══ RECORD EXTRACTS ══

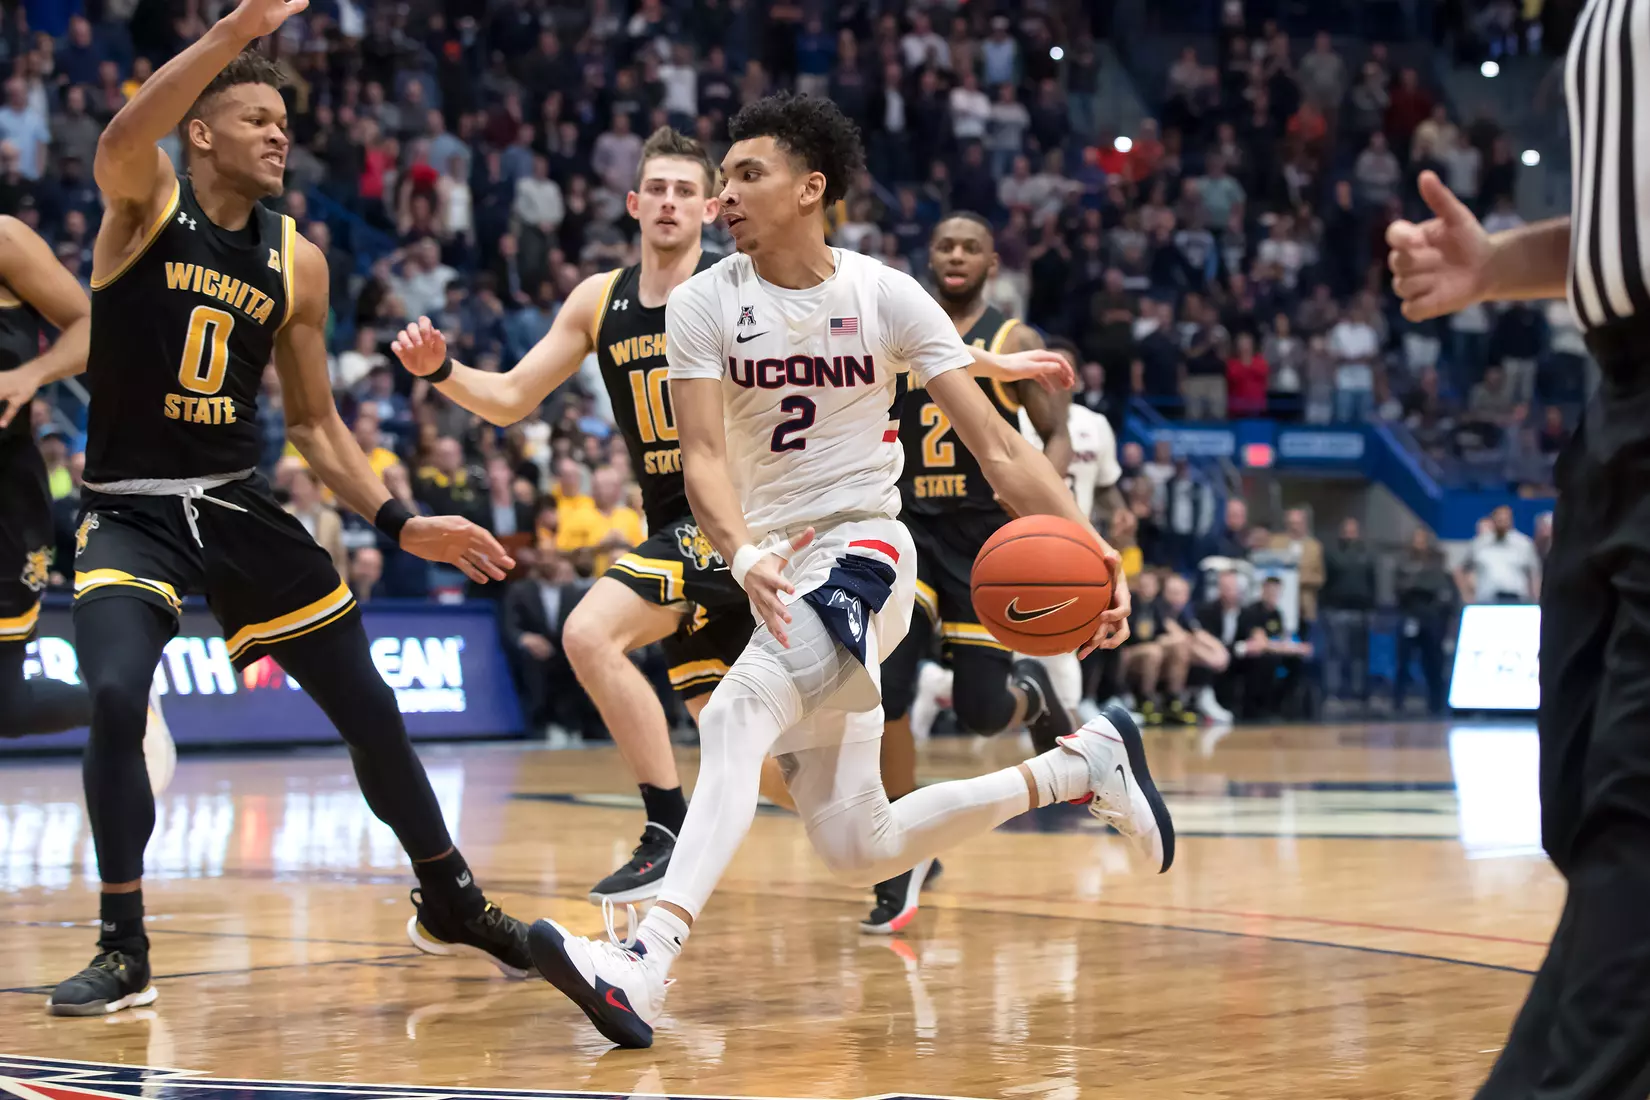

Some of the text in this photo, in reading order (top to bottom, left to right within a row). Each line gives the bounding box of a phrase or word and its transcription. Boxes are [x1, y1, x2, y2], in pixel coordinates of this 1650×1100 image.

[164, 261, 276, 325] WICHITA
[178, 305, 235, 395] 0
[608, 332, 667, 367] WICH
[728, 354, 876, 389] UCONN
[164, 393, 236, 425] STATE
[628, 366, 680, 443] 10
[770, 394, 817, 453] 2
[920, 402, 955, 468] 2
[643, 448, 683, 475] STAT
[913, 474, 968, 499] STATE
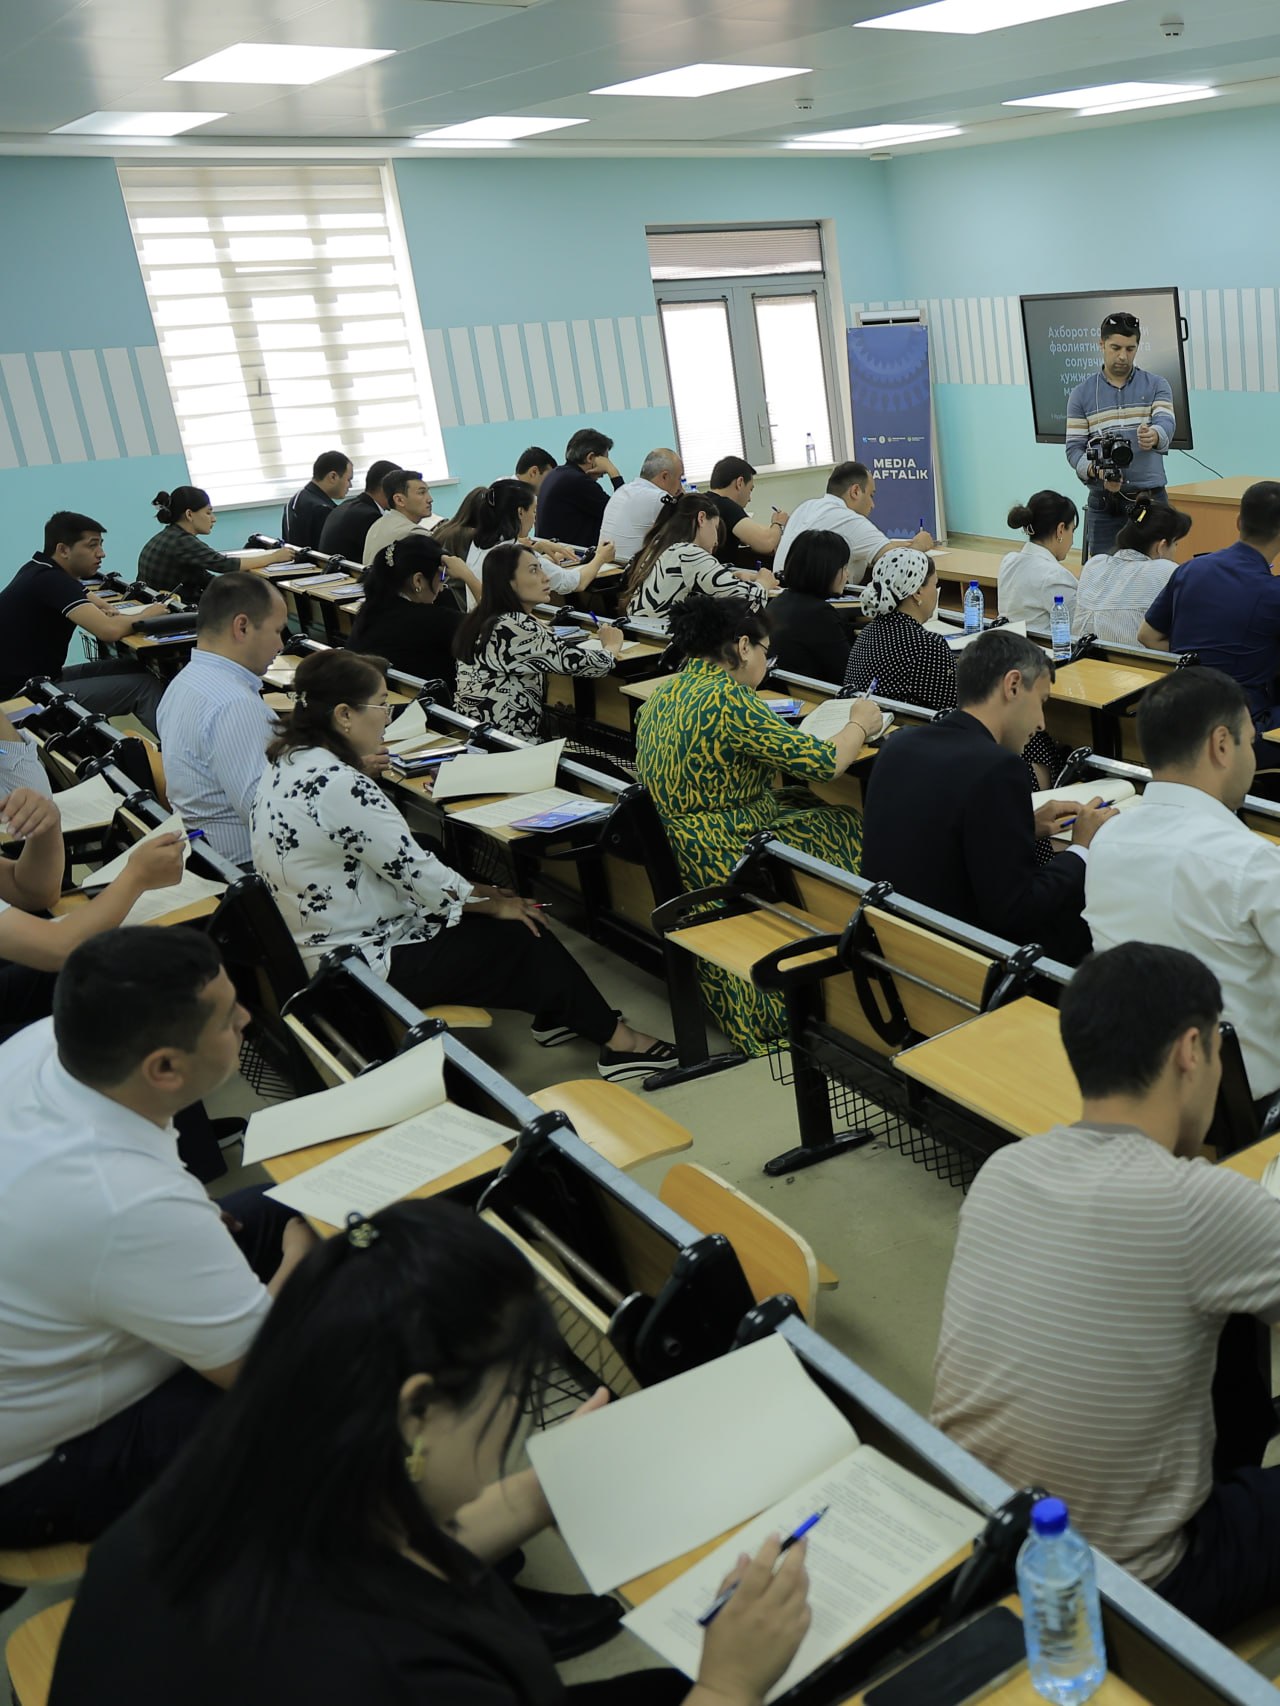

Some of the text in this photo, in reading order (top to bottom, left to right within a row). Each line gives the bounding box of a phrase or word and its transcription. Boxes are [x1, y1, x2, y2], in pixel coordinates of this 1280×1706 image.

═══

WHAT TO PRODUCE> With the pictures left out, transcribe the material exactly.

ANSWER SPACE>
Some of the text in this photo, in reading order (top to bottom, left to right within a row). Each line gives the bounding box of a phrase or word and its transcription. Boxes are [x1, y1, x2, y2], in pixel coordinates of this 1650×1100 image.

[164, 261, 276, 325] WICHITA
[178, 305, 235, 395] 0
[608, 332, 667, 367] WICH
[728, 354, 876, 389] UCONN
[164, 393, 236, 425] STATE
[628, 366, 680, 443] 10
[770, 394, 817, 453] 2
[920, 402, 955, 468] 2
[643, 448, 683, 475] STAT
[913, 474, 968, 499] STATE

Some of the text in this photo, in reading order (top to bottom, left to right within a row). Each line gives the bounding box of a phrase or word and its transcription. Boxes are [x1, y1, x2, y2], in pixel coordinates of this 1280×1706 image.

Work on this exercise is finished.